The GBA encompasses the Hong Kong Special Administrative Region (SAR), the Macau SAR, and nine cities in Guangdong Province adjacent to the special zones, including Shenzhen and Guangzhou. China is actively developing the GBA and aims to attract foreign professionals to this region, along with experts from Hong Kong. However, there is a challenge: highly skilled specialists typically earn high incomes, which would result in higher taxes in mainland China compared to Hong Kong.

The Progressive Tax Scale for employment income in mainland China ranges from 3% to 45%, with deductions for non-taxable minimums (for tax residents: 60,000 Chinese Yuan annually) and other allowances. The majority of the population in China either pays minimal or no IIT, but for individuals with substantial incomes, the tax amount can be significant. In Hong Kong, there’s also a progressive tax scale for salaries, but the tax cannot exceed 15% of the total income. Therefore, working in Hong Kong becomes more advantageous with higher salaries compared to neighboring mainland cities (which is the context for the GBA concept).

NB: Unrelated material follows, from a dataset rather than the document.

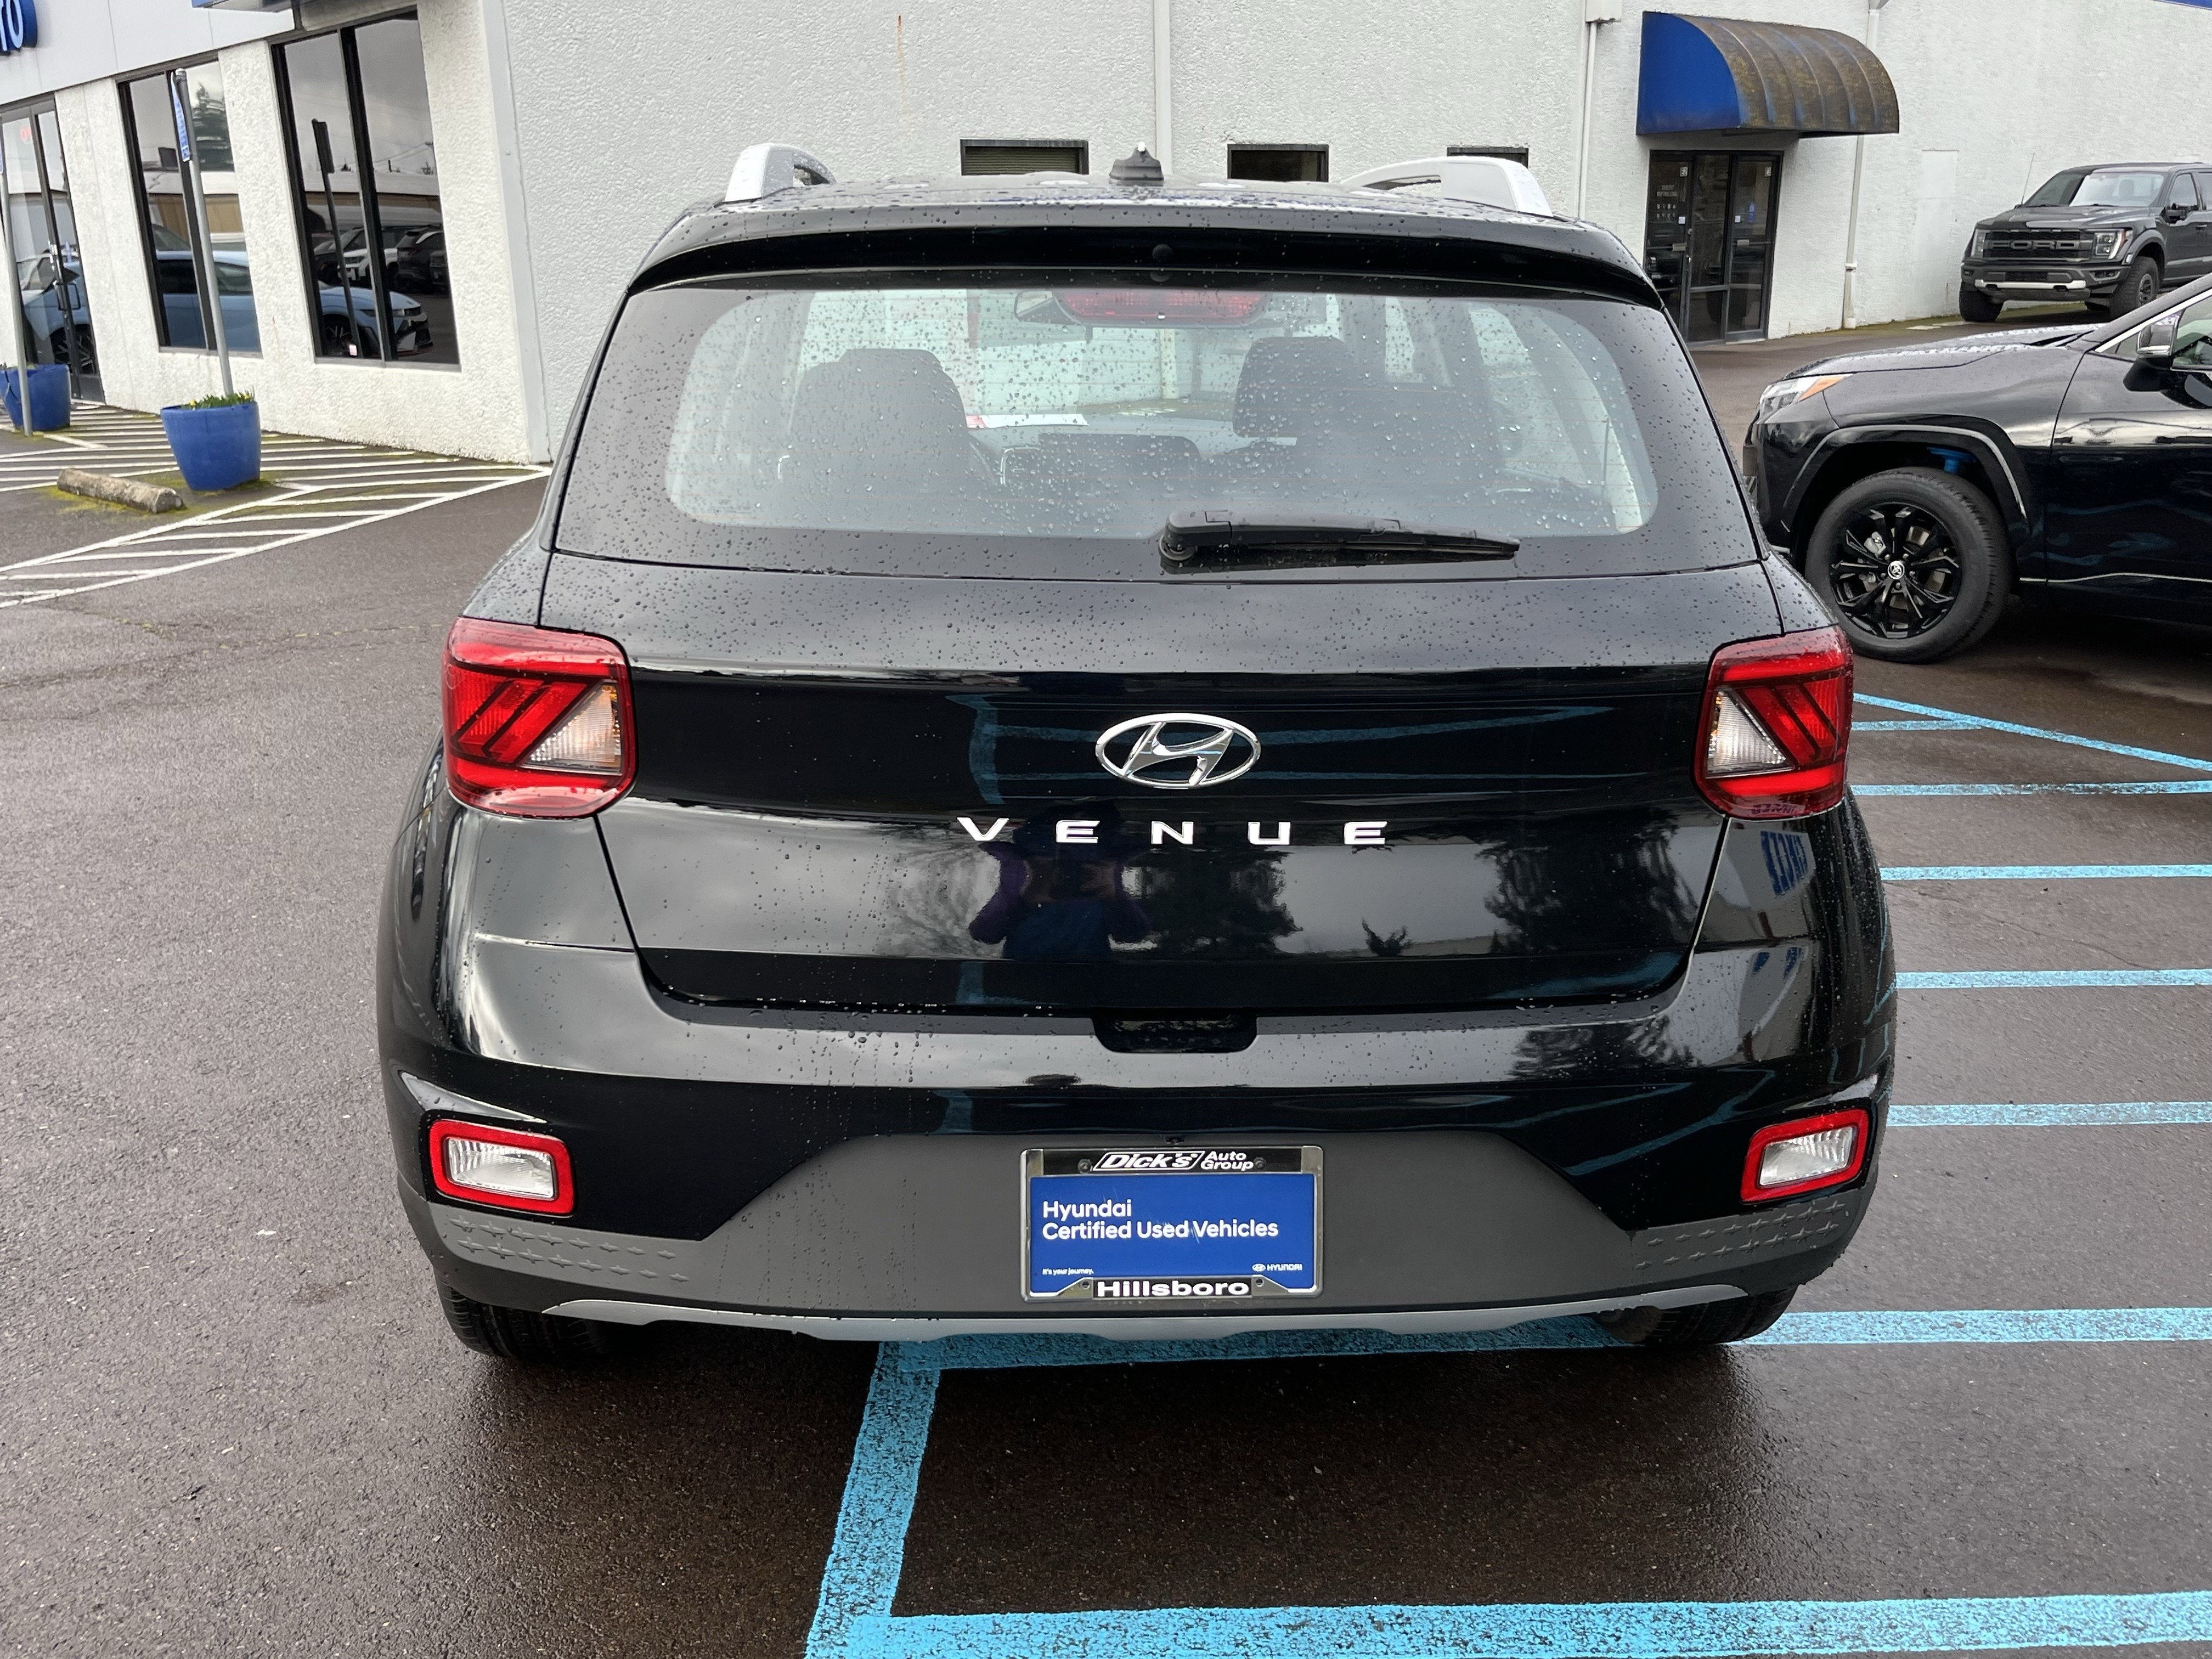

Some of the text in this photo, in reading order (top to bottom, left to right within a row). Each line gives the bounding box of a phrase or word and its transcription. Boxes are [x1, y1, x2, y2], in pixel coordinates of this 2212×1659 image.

To ensure that this advantage doesn’t hinder the flow of talent, qualified and valued professionals in the Chinese segment of the GBA are provided a subsidy. This subsidy covers the difference between the IIT amount that should be paid according to Chinese legislation and the tax amount that should be paid in Hong Kong. The subsidy is not subject to IIT and is paid directly to the employee or employer. As a result, the effective income tax amounts paid in Hong Kong and nearby mainland cities are leveled, and the differences between Hong Kong and cities like Shenzhen, Guangzhou, and Zhuhai (at least in terms of taxes) are nearly eliminated.